***** Material for the task
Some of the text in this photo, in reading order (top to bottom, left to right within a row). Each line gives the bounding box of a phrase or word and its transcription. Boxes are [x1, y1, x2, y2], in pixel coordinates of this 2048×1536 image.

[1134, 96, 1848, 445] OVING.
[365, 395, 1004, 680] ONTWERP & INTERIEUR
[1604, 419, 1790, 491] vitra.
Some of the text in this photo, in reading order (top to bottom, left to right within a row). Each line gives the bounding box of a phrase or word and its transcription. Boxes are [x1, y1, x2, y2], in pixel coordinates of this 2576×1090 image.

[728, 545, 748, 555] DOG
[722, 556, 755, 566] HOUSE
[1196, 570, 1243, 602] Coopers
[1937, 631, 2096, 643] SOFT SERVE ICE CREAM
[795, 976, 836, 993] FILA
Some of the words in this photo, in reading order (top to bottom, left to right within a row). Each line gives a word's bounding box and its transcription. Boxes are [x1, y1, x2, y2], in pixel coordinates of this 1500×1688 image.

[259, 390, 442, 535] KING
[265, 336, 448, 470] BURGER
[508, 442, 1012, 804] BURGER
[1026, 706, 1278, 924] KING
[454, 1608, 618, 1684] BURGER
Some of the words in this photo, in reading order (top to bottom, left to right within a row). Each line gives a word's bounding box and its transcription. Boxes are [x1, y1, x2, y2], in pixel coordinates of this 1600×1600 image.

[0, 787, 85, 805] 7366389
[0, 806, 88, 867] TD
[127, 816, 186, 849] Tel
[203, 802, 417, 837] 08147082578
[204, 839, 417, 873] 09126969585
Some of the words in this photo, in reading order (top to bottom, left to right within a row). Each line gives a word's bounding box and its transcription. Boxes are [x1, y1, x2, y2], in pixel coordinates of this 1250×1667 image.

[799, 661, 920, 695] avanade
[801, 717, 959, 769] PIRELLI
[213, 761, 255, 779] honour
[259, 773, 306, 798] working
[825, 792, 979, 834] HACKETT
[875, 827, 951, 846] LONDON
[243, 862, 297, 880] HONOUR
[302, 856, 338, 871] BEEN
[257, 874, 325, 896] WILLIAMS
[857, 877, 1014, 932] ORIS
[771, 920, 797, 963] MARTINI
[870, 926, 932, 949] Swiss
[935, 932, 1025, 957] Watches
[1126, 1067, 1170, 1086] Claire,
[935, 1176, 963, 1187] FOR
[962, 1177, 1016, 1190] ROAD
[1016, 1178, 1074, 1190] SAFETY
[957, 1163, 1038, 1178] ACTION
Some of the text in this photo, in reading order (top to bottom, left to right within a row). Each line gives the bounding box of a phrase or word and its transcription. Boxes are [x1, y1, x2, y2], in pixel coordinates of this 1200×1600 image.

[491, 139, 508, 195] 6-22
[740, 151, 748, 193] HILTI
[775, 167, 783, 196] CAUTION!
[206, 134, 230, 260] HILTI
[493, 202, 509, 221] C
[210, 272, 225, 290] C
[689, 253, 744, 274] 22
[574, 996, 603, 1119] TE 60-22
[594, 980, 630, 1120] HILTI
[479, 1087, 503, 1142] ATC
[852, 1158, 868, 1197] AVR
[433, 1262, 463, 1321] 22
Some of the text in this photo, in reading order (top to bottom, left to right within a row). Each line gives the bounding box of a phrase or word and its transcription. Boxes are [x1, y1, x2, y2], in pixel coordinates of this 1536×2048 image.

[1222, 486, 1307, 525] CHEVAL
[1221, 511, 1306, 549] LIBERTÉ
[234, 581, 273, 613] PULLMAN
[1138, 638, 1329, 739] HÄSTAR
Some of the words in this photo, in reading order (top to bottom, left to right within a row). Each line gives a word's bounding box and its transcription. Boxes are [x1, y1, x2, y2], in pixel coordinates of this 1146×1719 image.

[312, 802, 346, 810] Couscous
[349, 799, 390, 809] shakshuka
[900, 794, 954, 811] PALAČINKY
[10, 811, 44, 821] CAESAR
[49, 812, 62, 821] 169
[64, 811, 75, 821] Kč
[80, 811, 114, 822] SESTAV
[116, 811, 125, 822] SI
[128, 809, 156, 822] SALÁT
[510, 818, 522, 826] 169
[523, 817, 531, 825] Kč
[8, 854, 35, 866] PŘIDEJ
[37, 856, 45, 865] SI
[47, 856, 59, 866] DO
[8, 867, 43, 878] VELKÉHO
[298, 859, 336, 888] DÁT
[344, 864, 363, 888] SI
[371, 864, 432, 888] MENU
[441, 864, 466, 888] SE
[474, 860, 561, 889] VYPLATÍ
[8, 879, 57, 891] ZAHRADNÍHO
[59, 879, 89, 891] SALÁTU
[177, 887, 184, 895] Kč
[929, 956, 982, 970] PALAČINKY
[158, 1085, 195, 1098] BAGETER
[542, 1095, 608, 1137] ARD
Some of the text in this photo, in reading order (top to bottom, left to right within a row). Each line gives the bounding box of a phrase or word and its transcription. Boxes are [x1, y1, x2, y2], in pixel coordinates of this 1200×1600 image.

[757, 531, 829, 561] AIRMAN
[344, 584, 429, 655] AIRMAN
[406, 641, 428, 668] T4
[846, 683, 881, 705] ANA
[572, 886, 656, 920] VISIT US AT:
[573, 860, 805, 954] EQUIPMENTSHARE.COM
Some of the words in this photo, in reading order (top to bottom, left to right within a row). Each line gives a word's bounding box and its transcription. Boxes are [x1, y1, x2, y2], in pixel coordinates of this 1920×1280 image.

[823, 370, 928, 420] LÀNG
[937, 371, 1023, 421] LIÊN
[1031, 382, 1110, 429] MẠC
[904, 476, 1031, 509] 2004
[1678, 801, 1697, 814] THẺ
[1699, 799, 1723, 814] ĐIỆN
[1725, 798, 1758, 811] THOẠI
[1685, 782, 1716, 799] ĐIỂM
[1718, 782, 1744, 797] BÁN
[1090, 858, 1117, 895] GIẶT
**********
Exercise description:
Recopy the records without any alteration.

Solution to this exercise:
Some of the text in this photo, in reading order (top to bottom, left to right within a row). Each line gives the bounding box of a phrase or word and its transcription. Boxes are [x1, y1, x2, y2], in pixel coordinates of this 2048×1536 image.

[1134, 96, 1848, 445] OVING.
[365, 395, 1004, 680] ONTWERP & INTERIEUR
[1604, 419, 1790, 491] vitra.
Some of the text in this photo, in reading order (top to bottom, left to right within a row). Each line gives the bounding box of a phrase or word and its transcription. Boxes are [x1, y1, x2, y2], in pixel coordinates of this 2576×1090 image.

[728, 545, 748, 555] DOG
[722, 556, 755, 566] HOUSE
[1196, 570, 1243, 602] Coopers
[1937, 631, 2096, 643] SOFT SERVE ICE CREAM
[795, 976, 836, 993] FILA
Some of the words in this photo, in reading order (top to bottom, left to right within a row). Each line gives a word's bounding box and its transcription. Boxes are [x1, y1, x2, y2], in pixel coordinates of this 1500×1688 image.

[259, 390, 442, 535] KING
[265, 336, 448, 470] BURGER
[508, 442, 1012, 804] BURGER
[1026, 706, 1278, 924] KING
[454, 1608, 618, 1684] BURGER
Some of the words in this photo, in reading order (top to bottom, left to right within a row). Each line gives a word's bounding box and its transcription. Boxes are [x1, y1, x2, y2], in pixel coordinates of this 1600×1600 image.

[0, 787, 85, 805] 7366389
[0, 806, 88, 867] TD
[127, 816, 186, 849] Tel
[203, 802, 417, 837] 08147082578
[204, 839, 417, 873] 09126969585
Some of the words in this photo, in reading order (top to bottom, left to right within a row). Each line gives a word's bounding box and its transcription. Boxes are [x1, y1, x2, y2], in pixel coordinates of this 1250×1667 image.

[799, 661, 920, 695] avanade
[801, 717, 959, 769] PIRELLI
[213, 761, 255, 779] honour
[259, 773, 306, 798] working
[825, 792, 979, 834] HACKETT
[875, 827, 951, 846] LONDON
[243, 862, 297, 880] HONOUR
[302, 856, 338, 871] BEEN
[257, 874, 325, 896] WILLIAMS
[857, 877, 1014, 932] ORIS
[771, 920, 797, 963] MARTINI
[870, 926, 932, 949] Swiss
[935, 932, 1025, 957] Watches
[1126, 1067, 1170, 1086] Claire,
[935, 1176, 963, 1187] FOR
[962, 1177, 1016, 1190] ROAD
[1016, 1178, 1074, 1190] SAFETY
[957, 1163, 1038, 1178] ACTION
Some of the text in this photo, in reading order (top to bottom, left to right within a row). Each line gives the bounding box of a phrase or word and its transcription. Boxes are [x1, y1, x2, y2], in pixel coordinates of this 1200×1600 image.

[491, 139, 508, 195] 6-22
[740, 151, 748, 193] HILTI
[775, 167, 783, 196] CAUTION!
[206, 134, 230, 260] HILTI
[493, 202, 509, 221] C
[210, 272, 225, 290] C
[689, 253, 744, 274] 22
[574, 996, 603, 1119] TE 60-22
[594, 980, 630, 1120] HILTI
[479, 1087, 503, 1142] ATC
[852, 1158, 868, 1197] AVR
[433, 1262, 463, 1321] 22
Some of the text in this photo, in reading order (top to bottom, left to right within a row). Each line gives the bounding box of a phrase or word and its transcription. Boxes are [x1, y1, x2, y2], in pixel coordinates of this 1536×2048 image.

[1222, 486, 1307, 525] CHEVAL
[1221, 511, 1306, 549] LIBERTÉ
[234, 581, 273, 613] PULLMAN
[1138, 638, 1329, 739] HÄSTAR
Some of the words in this photo, in reading order (top to bottom, left to right within a row). Each line gives a word's bounding box and its transcription. Boxes are [x1, y1, x2, y2], in pixel coordinates of this 1146×1719 image.

[312, 802, 346, 810] Couscous
[349, 799, 390, 809] shakshuka
[900, 794, 954, 811] PALAČINKY
[10, 811, 44, 821] CAESAR
[49, 812, 62, 821] 169
[64, 811, 75, 821] Kč
[80, 811, 114, 822] SESTAV
[116, 811, 125, 822] SI
[128, 809, 156, 822] SALÁT
[510, 818, 522, 826] 169
[523, 817, 531, 825] Kč
[8, 854, 35, 866] PŘIDEJ
[37, 856, 45, 865] SI
[47, 856, 59, 866] DO
[8, 867, 43, 878] VELKÉHO
[298, 859, 336, 888] DÁT
[344, 864, 363, 888] SI
[371, 864, 432, 888] MENU
[441, 864, 466, 888] SE
[474, 860, 561, 889] VYPLATÍ
[8, 879, 57, 891] ZAHRADNÍHO
[59, 879, 89, 891] SALÁTU
[177, 887, 184, 895] Kč
[929, 956, 982, 970] PALAČINKY
[158, 1085, 195, 1098] BAGETER
[542, 1095, 608, 1137] ARD
Some of the text in this photo, in reading order (top to bottom, left to right within a row). Each line gives the bounding box of a phrase or word and its transcription. Boxes are [x1, y1, x2, y2], in pixel coordinates of this 1200×1600 image.

[757, 531, 829, 561] AIRMAN
[344, 584, 429, 655] AIRMAN
[406, 641, 428, 668] T4
[846, 683, 881, 705] ANA
[572, 886, 656, 920] VISIT US AT:
[573, 860, 805, 954] EQUIPMENTSHARE.COM
Some of the words in this photo, in reading order (top to bottom, left to right within a row). Each line gives a word's bounding box and its transcription. Boxes are [x1, y1, x2, y2], in pixel coordinates of this 1920×1280 image.

[823, 370, 928, 420] LÀNG
[937, 371, 1023, 421] LIÊN
[1031, 382, 1110, 429] MẠC
[904, 476, 1031, 509] 2004
[1678, 801, 1697, 814] THẺ
[1699, 799, 1723, 814] ĐIỆN
[1725, 798, 1758, 811] THOẠI
[1685, 782, 1716, 799] ĐIỂM
[1718, 782, 1744, 797] BÁN
[1090, 858, 1117, 895] GIẶT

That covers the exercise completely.